Because the 5 m x 5 m resolution of the dataset’s grid was finer than the 30 m x 30 m resolution of the soil sampling grid, soil property measurements taken from samples pulled near the centroids of the 30 m x 30 m cells had to be spatially interpolated to assign values at the centroids of the 5 m x 5 m cells. Interpolated values were calculated using the ‘geoR’ package (Ribeiro & Diggle, 2001) of R version 3.6.2 (R Development Core Team, 2019) and applying the empirical best linear unbiased prediction (E-BLUP) method (Lark et al., 2006). Box–Cox transformation (Box & Cox, 1964) was applied prior to geostatistical modeling when the distribution of the observations was highly skewed, and predicted mean values from the E-BLUP were back-transformed. The Matérn covariance function (Webster & Oliver, 2007) and the restricted maximum likelihood estimator were used for estimation of the semi-variogram parameters. The resultant interpolated soil maps are presented in S1. Since covariate values were smoothed using kriging with external drift, they also had interpolation errors (S2). Interpolation errors were evaluated as the coefficients of variance (CV) by dividing the kriging standard deviation by the kriging prediction.

Data analysis

Four machine learning regression models, RF, XGBoost, support vector regression (SVR), and artificial neural network (ANN) were trained with different combinations of covariates to model site-specific yield responses to the fertilizers. RF and SVR were implemented using the Python module ‘scikit-learn’ (version 1.1.1) (Pedregosa et al., 2011). XGBoost was implemented with xgboost (version 1.5.1) (Chen & Guestrin, 2016). ANN was implemented using the Keras (version 2.9.0) machine learning application programming interface (Chollet, 2015) with the TensorFlow (version 2.9.0) (Abadi et al., 2015) backend.

All 255 possible combinations (i.e., \({2}^{8}-1\)) that can be made from using between one and eight soil properties as covariates were included in the estimations, for each of the four machine learning algorithms, meaning that a total of 1,020 cases were examined. Because the study area was relatively small, spatial differences in weather and other environmental factors were assumed negligible and excluded from the analysis. Of course, the inference space of the experiment should not be assumed to be expandable beyond the field itself.

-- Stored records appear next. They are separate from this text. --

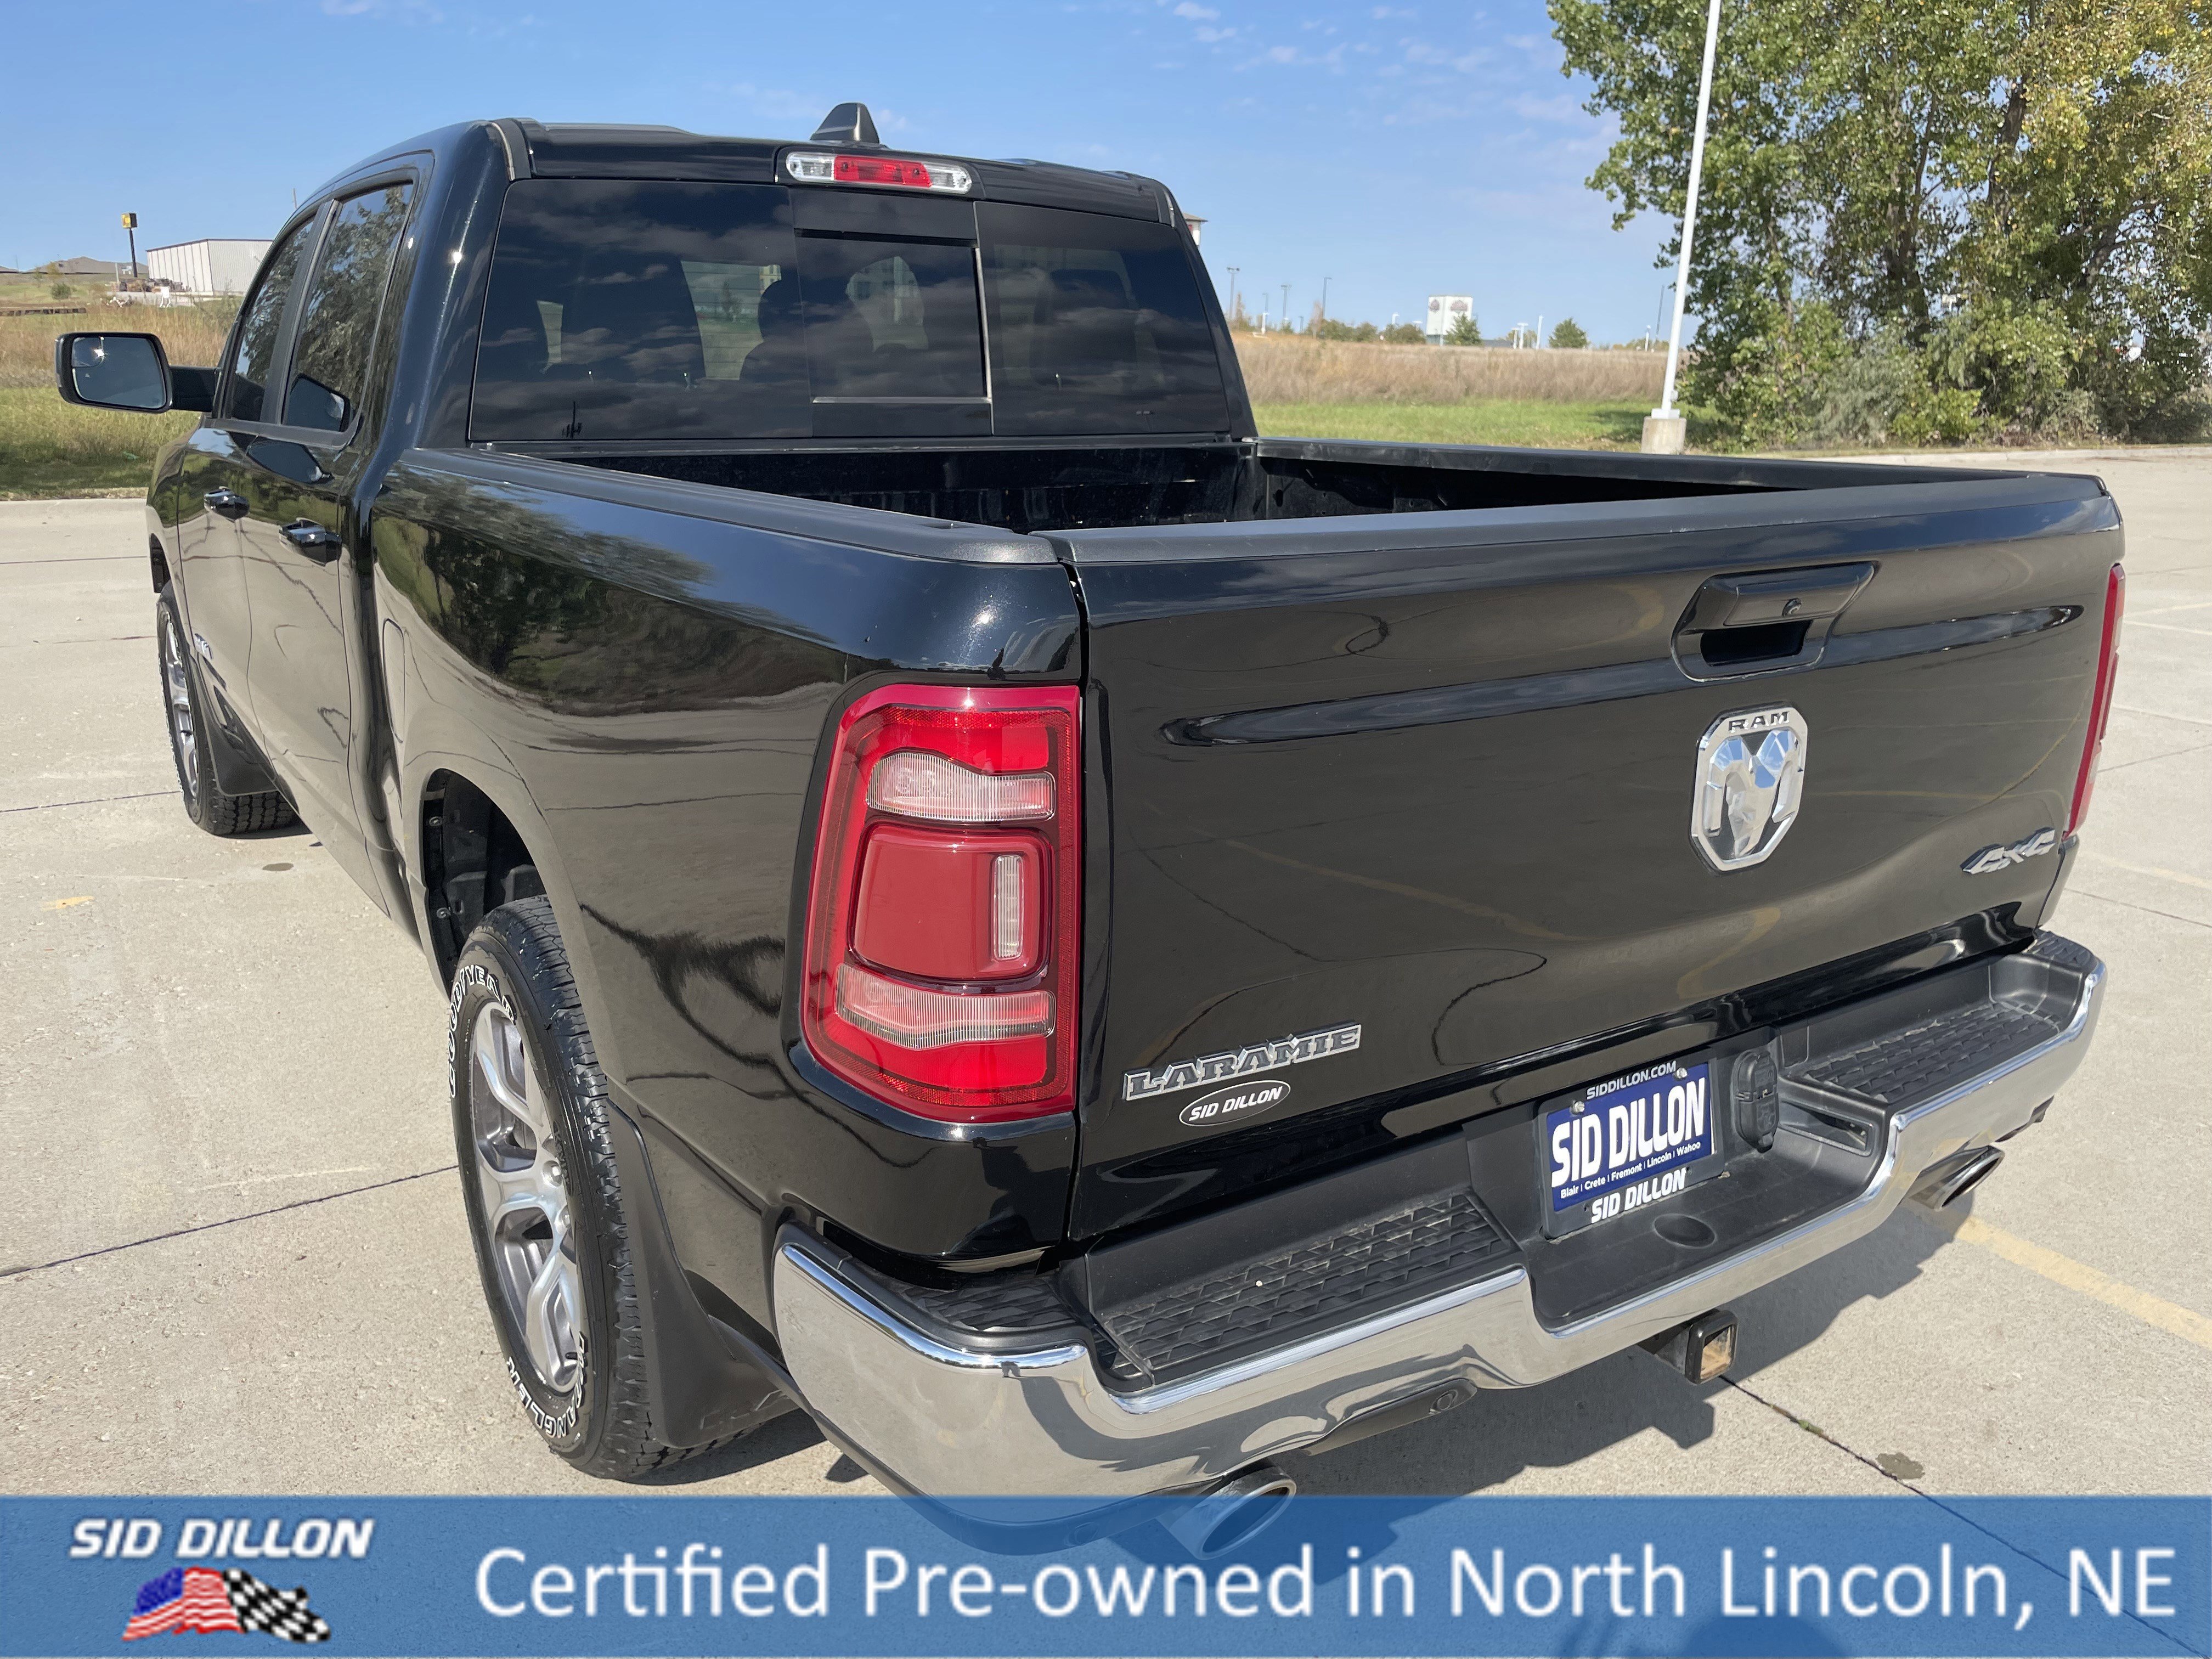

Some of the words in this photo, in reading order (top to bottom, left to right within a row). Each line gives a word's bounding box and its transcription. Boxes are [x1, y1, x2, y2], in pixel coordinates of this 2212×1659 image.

[1728, 711, 1791, 733] RAM
[448, 964, 517, 1098] GOODYEAR
[1123, 1023, 1362, 1101] LARAMIE
[1585, 1060, 1677, 1100] SIDDILLON.COM
[1189, 1102, 1218, 1121] SID
[1222, 1086, 1283, 1114] DILLON
[1551, 1113, 1602, 1188] SID
[1609, 1077, 1706, 1169] DILLON
[1560, 1185, 1579, 1199] Blair
[1584, 1177, 1606, 1191] Crete
[1611, 1162, 1643, 1181] Fremont
[1646, 1151, 1672, 1169] Lincoln
[1676, 1141, 1701, 1157] Wahoo
[1591, 1192, 1621, 1224] SID
[1624, 1166, 1687, 1211] DILLON

Further research with real-world large-scale experiments is needed to test the robustness of the results reported.

The dataset’s 970 observations were randomly split into a 679 observations training dataset and a 291 observations test dataset. Hyperparameters of RF and SVR were determined by grid search with a five-fold cross-validation using the training dataset. This procedure was repeated three times with different subsets. Then models were retrained with an optimal hyperparameter using the training dataset. For RF, grid searches were performed to optimize the n_estimators (the number of decision trees). For SVR, grid searches were conducted to optimally assign values to parameters C and ε. The ANN architecture involves three hidden layers. The input layer was fed into a rectified linear unit (ReLU) layer with 64 neurons, followed by batch normalization. The batch normalization layer was fed into the ReLU layer with 128 neurons, followed by the ReLU layer with 128 neurons again. Finally, the fully-connected ReLU layer with 128 neurons was fed into an output layer with a linear activation function. According to a preliminary experiment, the model performance of ANN did not largely depend on the architecture, and three to four layers and 32–128 neurons were sufficient to model crop prediction. To avoid over-fitting, early stopping was used to monitor validation loss with a ten epochs of patience. 30% of the training dataset was used to calculate the validation loss for ANN. For both the training and test datasets, model prediction accuracies were evaluated by root mean square error (RMSE) and R2.

In this study, model uncertainty refers to the variability in EOIR and gained profit that are predicted from different model algorithms and covariates. To evaluate site-specific uncertainty in decision making for fertilizer application among the selection of algorithms and covariates, site-specific EOIRs were calculated by treating the predicted values from the models as deterministic outcomes. First, site-specific net revenue ($ ha− 1) was defined as,

$$\Delta {r_i}\, = \,p\, \times \,{y_i}\,-\,{w_{BF}}\, \times \,B{F_i}\,-\,{w_{TF}}\, \times \,T{F_i}$$
(1)

where p = $1.16 kg–1 (136.8 JPY kg–1) is the price of wheat grain, yi is the model’s predicted wheat grain yield at location i, wBF = $1.58 kg–1 (187.0 JPY kg–1) is the basal fertilizer price, BFi is the basal fertilizer application rate at location i, wTF = $0.60 kg–1 (71.2 JPY kg–1) is the top-dressing fertilizer price, and TFi is the top-dressing fertilizer application rate at location i. Prices were obtained from the farmer in the corresponding year.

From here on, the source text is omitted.